Your objective
Starting at the line with "this 2000×1500 image.", set down each line of the entries below through the last one, exactly as it stands.

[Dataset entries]
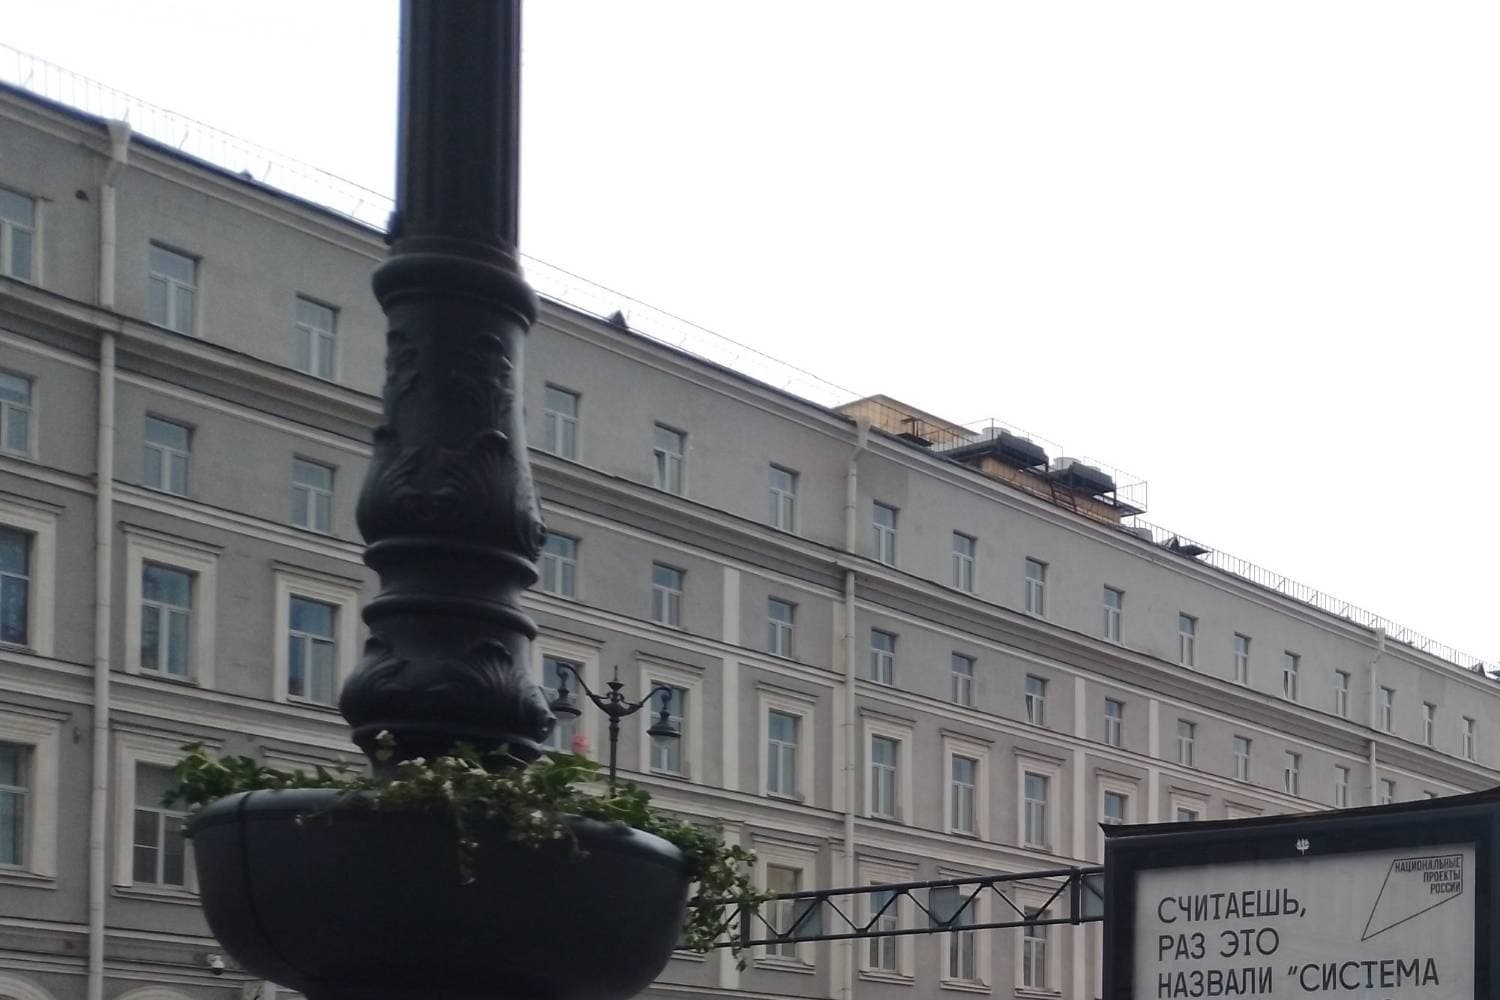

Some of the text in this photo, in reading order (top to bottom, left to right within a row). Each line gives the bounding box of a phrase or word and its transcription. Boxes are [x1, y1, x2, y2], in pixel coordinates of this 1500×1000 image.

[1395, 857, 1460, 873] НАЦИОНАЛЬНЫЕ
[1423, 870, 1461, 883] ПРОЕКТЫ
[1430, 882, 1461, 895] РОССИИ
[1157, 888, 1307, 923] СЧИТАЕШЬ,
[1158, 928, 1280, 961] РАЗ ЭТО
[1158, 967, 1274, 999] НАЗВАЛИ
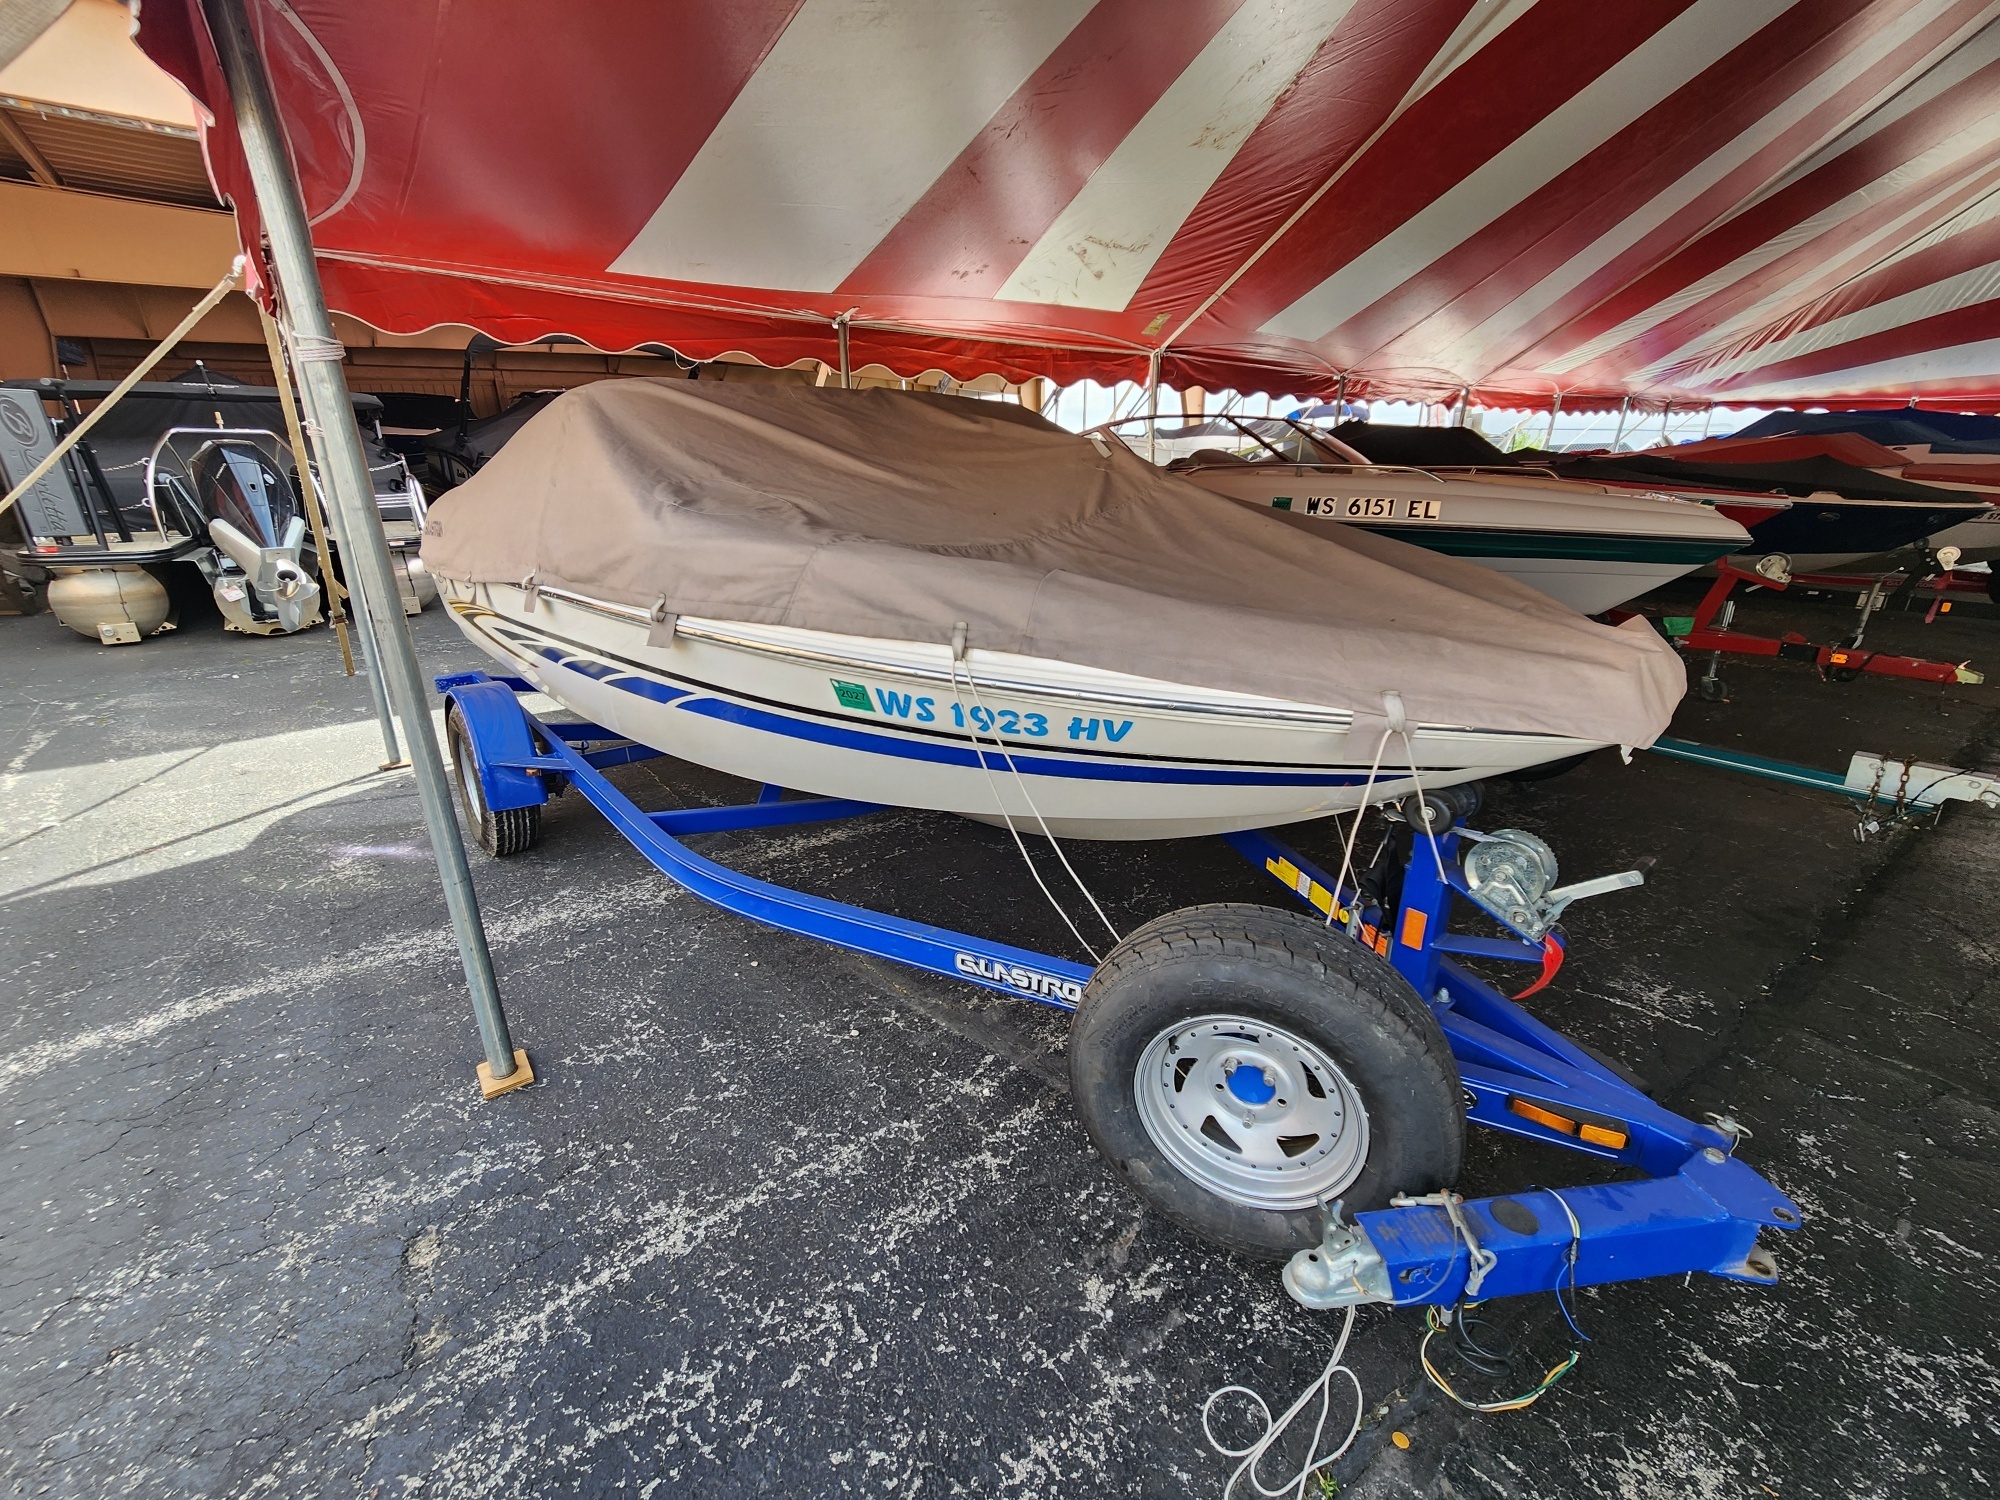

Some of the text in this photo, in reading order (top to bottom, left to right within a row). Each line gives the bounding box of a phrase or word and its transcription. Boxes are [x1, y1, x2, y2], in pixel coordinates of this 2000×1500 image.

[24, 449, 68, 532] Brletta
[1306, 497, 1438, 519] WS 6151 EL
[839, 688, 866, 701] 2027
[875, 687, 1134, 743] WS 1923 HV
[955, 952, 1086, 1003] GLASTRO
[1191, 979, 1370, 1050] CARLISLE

Exercise output
Some of the text in this photo, in reading order (top to bottom, left to right within a row). Each line gives the bounding box of a phrase or word and its transcription. Boxes are [x1, y1, x2, y2], in pixel coordinates of this 2000×1500 image.

[24, 449, 68, 532] Brletta
[1306, 497, 1438, 519] WS 6151 EL
[839, 688, 866, 701] 2027
[875, 687, 1134, 743] WS 1923 HV
[955, 952, 1086, 1003] GLASTRO
[1191, 979, 1370, 1050] CARLISLE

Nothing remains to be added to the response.